◆ Records from a data source:
=== Begin Enclosure ===

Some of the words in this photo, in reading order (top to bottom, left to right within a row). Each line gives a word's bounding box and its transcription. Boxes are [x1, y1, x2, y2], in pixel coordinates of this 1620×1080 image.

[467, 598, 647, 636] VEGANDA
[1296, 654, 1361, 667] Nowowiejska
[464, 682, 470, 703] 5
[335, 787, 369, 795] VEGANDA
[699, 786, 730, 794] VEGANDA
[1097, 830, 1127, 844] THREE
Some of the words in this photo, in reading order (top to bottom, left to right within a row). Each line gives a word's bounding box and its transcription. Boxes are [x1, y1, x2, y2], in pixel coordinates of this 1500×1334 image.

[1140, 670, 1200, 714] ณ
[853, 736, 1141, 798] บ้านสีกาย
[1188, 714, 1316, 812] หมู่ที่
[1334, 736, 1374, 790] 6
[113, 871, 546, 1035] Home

=== End Enclosure ===

◆ Exercise brief:
Exactly what appears above must be set down again in full.

◆ Exercise solution:
Some of the words in this photo, in reading order (top to bottom, left to right within a row). Each line gives a word's bounding box and its transcription. Boxes are [x1, y1, x2, y2], in pixel coordinates of this 1620×1080 image.

[467, 598, 647, 636] VEGANDA
[1296, 654, 1361, 667] Nowowiejska
[464, 682, 470, 703] 5
[335, 787, 369, 795] VEGANDA
[699, 786, 730, 794] VEGANDA
[1097, 830, 1127, 844] THREE
Some of the words in this photo, in reading order (top to bottom, left to right within a row). Each line gives a word's bounding box and its transcription. Boxes are [x1, y1, x2, y2], in pixel coordinates of this 1500×1334 image.

[1140, 670, 1200, 714] ณ
[853, 736, 1141, 798] บ้านสีกาย
[1188, 714, 1316, 812] หมู่ที่
[1334, 736, 1374, 790] 6
[113, 871, 546, 1035] Home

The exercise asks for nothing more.